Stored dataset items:
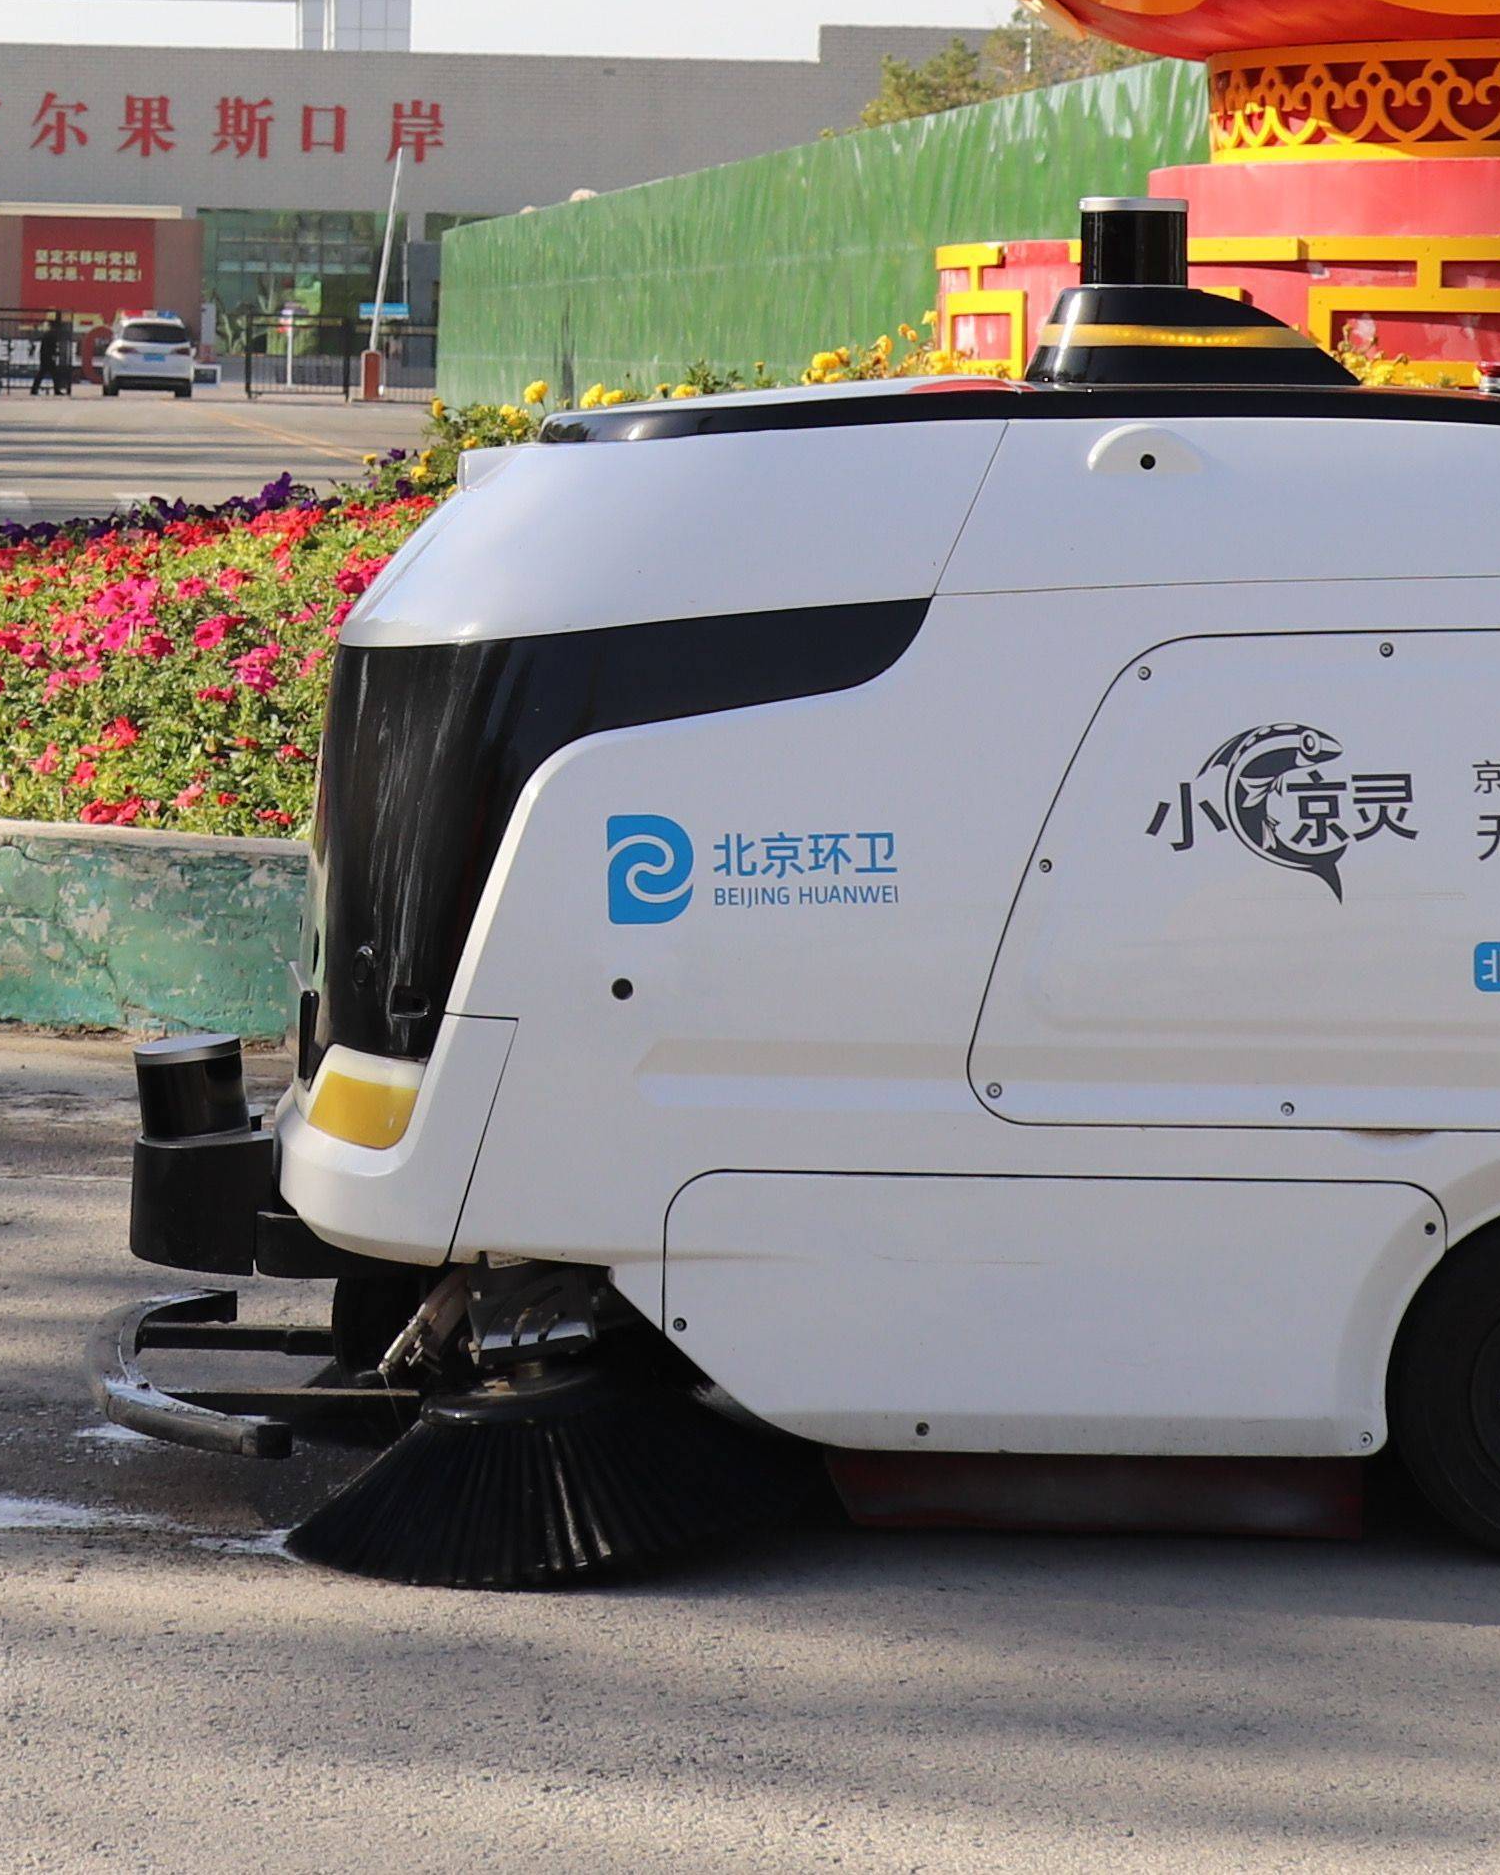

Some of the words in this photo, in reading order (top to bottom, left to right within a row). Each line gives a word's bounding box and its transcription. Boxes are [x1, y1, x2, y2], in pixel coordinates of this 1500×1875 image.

[712, 829, 899, 878] 北京环卫
[713, 885, 790, 910] BEIJING
[798, 884, 899, 907] HUANWEI
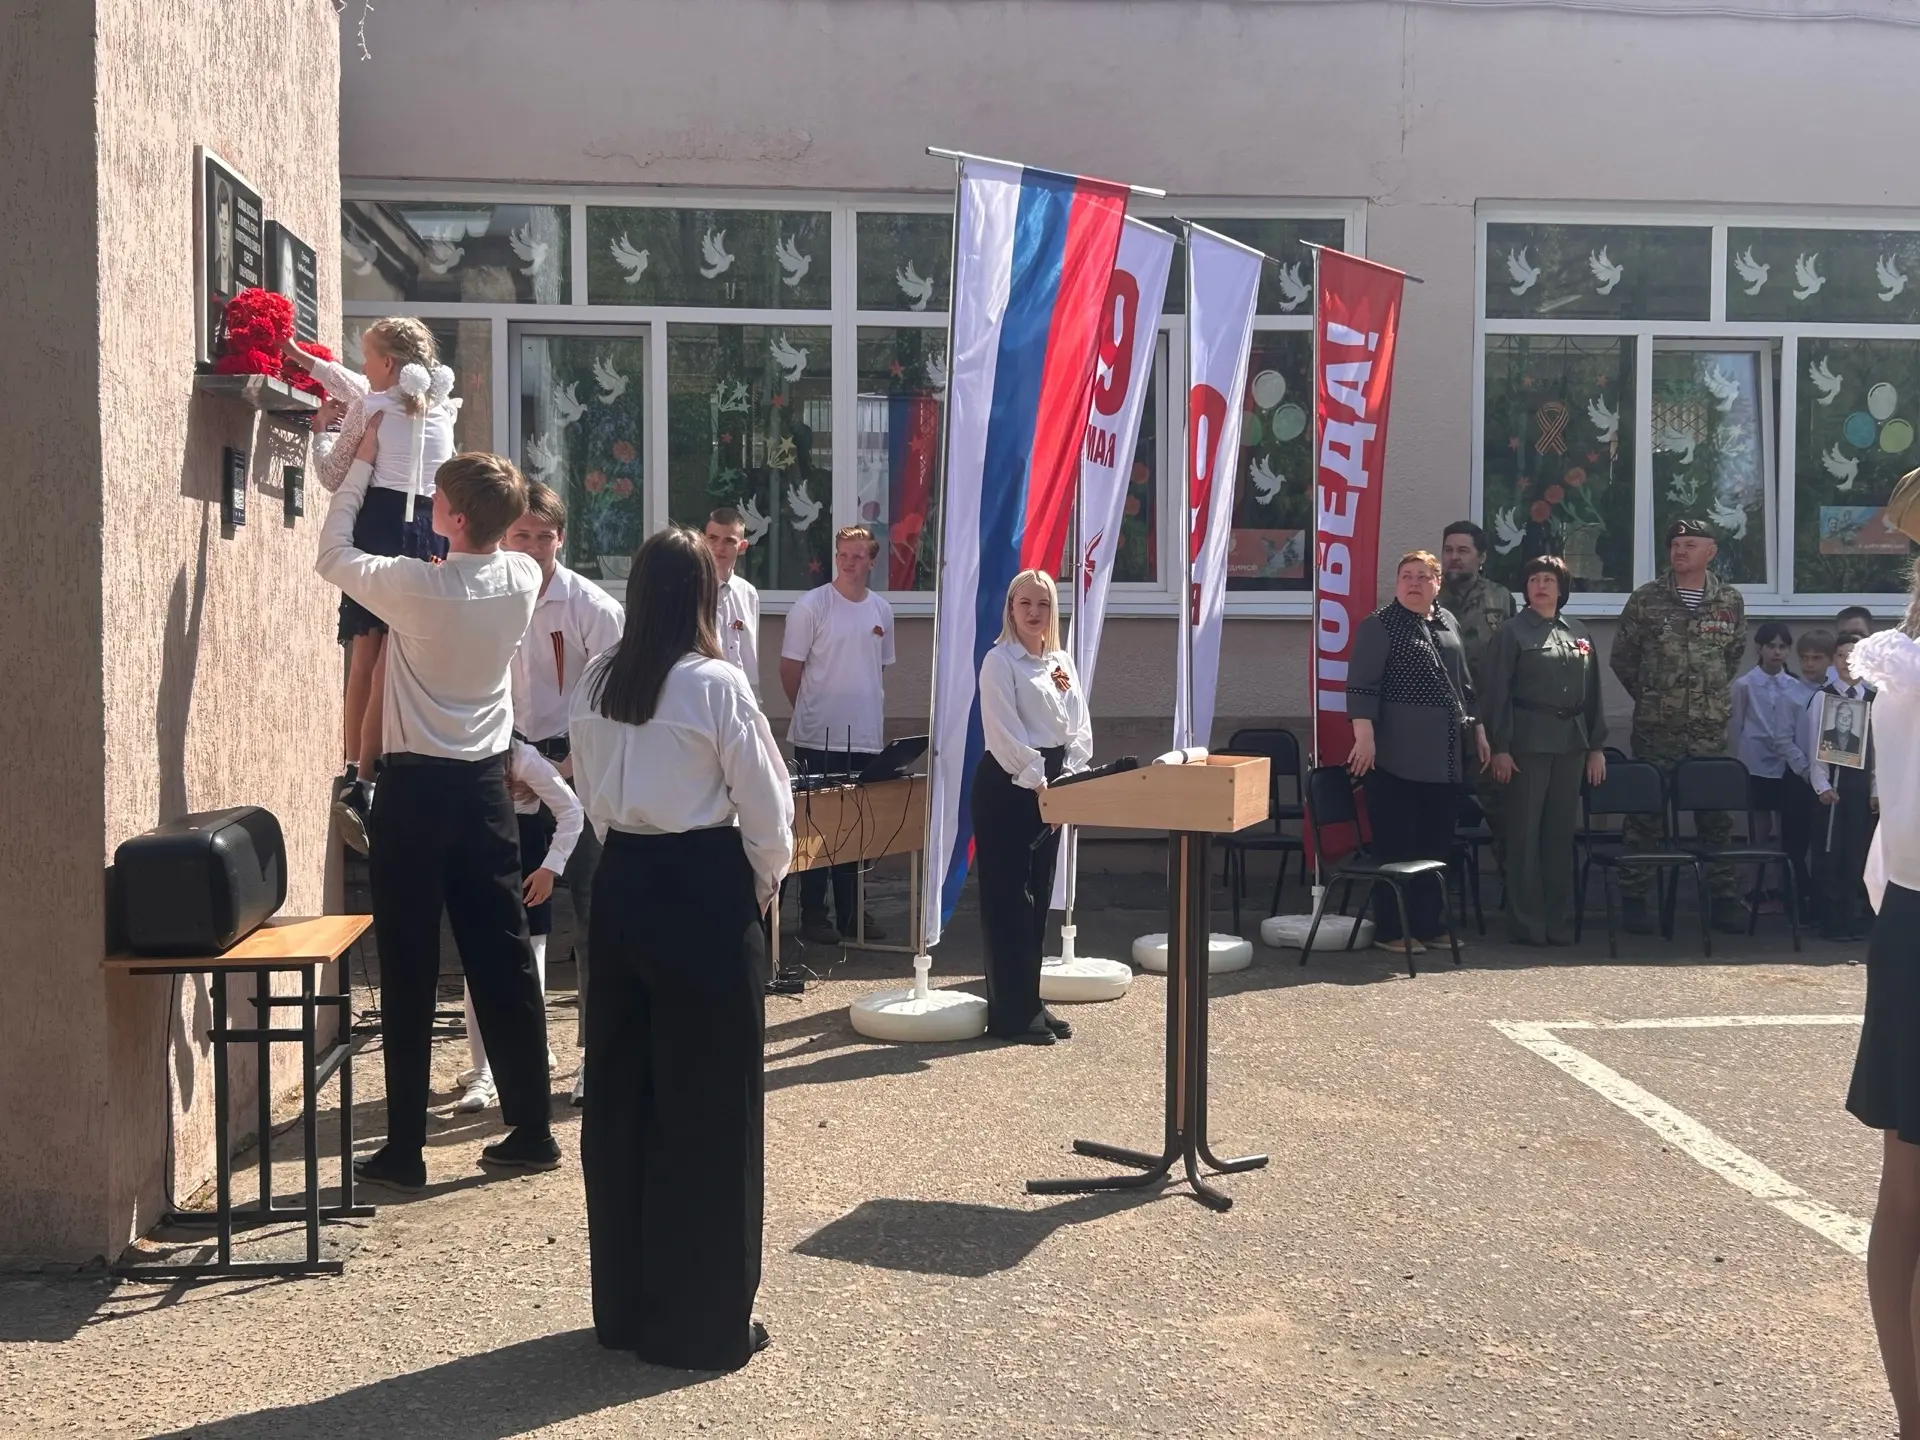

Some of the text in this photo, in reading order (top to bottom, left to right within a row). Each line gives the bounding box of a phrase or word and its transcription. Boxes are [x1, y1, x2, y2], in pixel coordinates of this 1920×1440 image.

[1094, 269, 1139, 416] 9
[1086, 424, 1116, 468] МАЯ
[1317, 321, 1379, 712] ПОБЕДА!

• _Problem details_
Transcribe every entry word for word, but omit the pictures.

• _Exercise response_
Some of the words in this photo, in reading order (top to bottom, left to right within a row). Each line gives a word's bounding box and its transcription. Boxes are [x1, y1, x2, y2], in pixel coordinates of this 1500×1875 image.

[712, 829, 899, 878] 北京环卫
[713, 885, 790, 910] BEIJING
[798, 884, 899, 907] HUANWEI

Some of the text in this photo, in reading order (top to bottom, left to right within a row). Each line gives the bounding box of a phrase or word and its transcription. Boxes are [x1, y1, x2, y2], in pixel coordinates of this 1920×1440 image.

[1094, 269, 1139, 416] 9
[1086, 424, 1116, 468] МАЯ
[1317, 321, 1379, 712] ПОБЕДА!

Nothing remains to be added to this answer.